Jika pengobatan diberikan sejak awal infeksi, infeksi dapat disembuhkan, yaitu dengan pemberian antibiotik selama waktu tertentu. Tetapi jika pembuluh getah bening telah mengalami kerusakan yang menetap maka pembengkakan akan tetap ada. Konsultasikan pada dokter untuk memastikan diagnosa dan mendapatkan pengobatan yang tepat.

Cara yang paling baik untuk mencegah penularan penyakit ini adalah abstinensia (tidak melakukan hubungan seksual dengan mitra seksual yang diketahui menderita penyakit ini).

Untuk mengurangi resiko tertular oleh penyakit ini, sebaiknya menjalani perilaku seksual yang aman, tidak berganti-ganti pasangan seksual.

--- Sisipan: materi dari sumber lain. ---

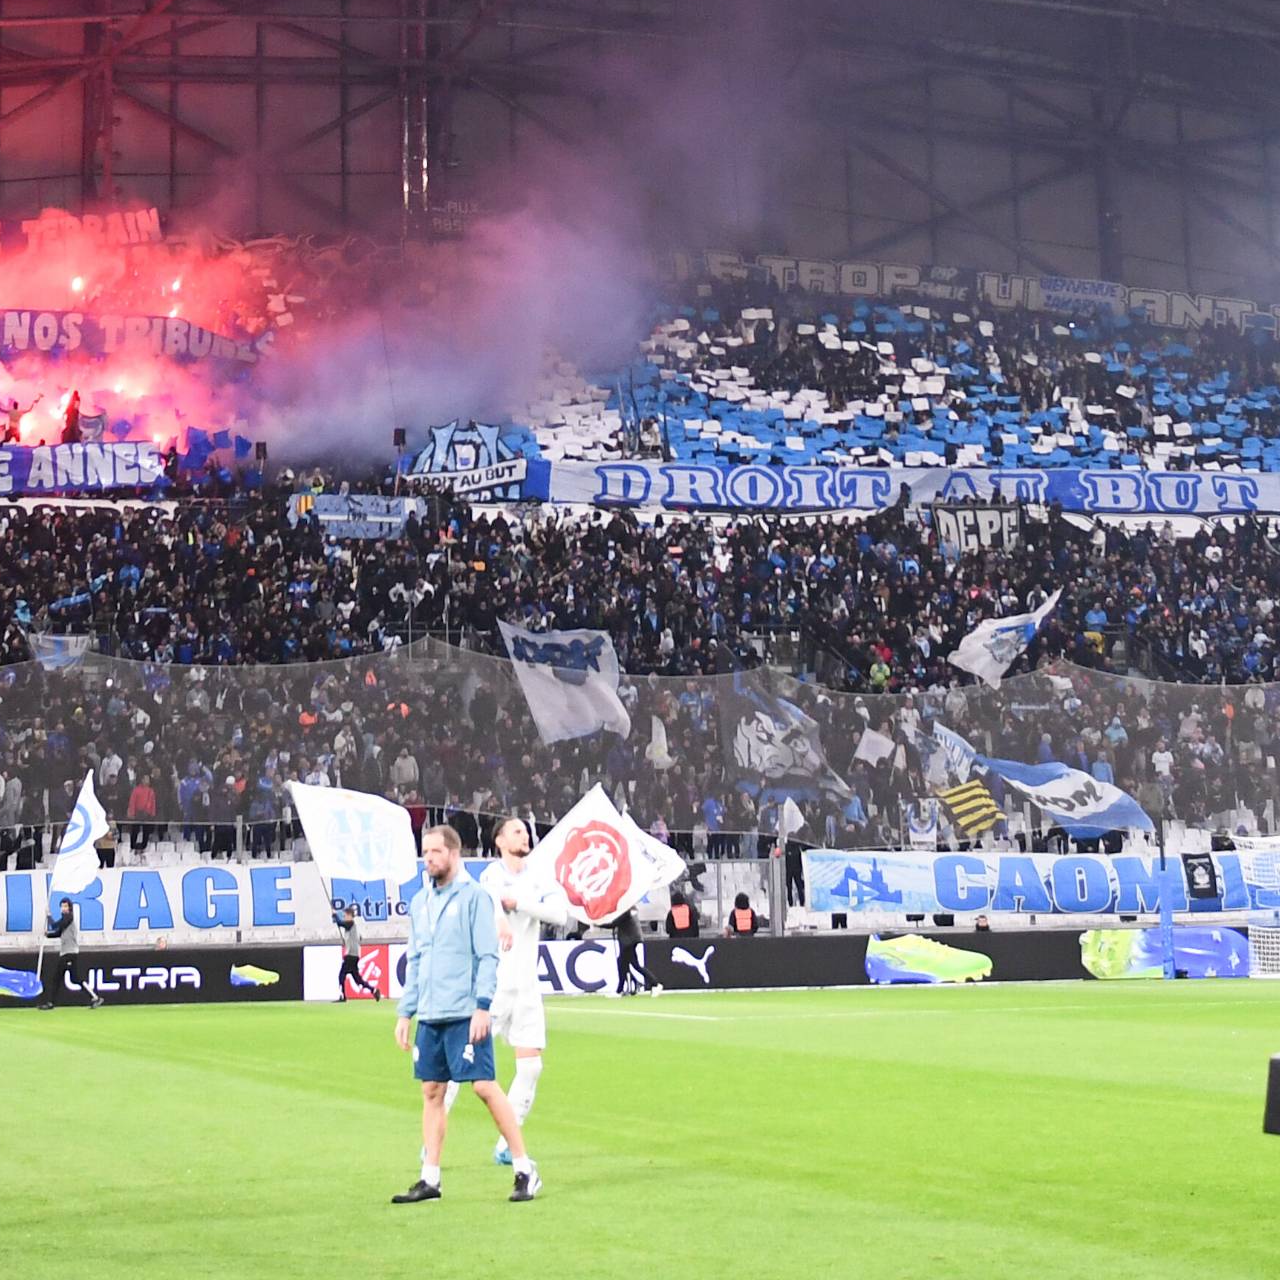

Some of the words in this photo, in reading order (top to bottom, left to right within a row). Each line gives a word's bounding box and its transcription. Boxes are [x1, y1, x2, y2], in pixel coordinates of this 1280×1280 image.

Penggunaan kondom yang benar, baik pada pria atau wanita, dapat sangat menurunkan risiko terinfeksi penyakit menular seksual. Kondom perlu dipakai sejak awal hingga akhir aktivitas seksual.

- M, J. Allen. Lymphogranuloma Venereum. Merck Manual Home Health Handbook. 2008.

- V, Linda J. et al. Lymphogranuloma Venereum. Medline Plus. 2012.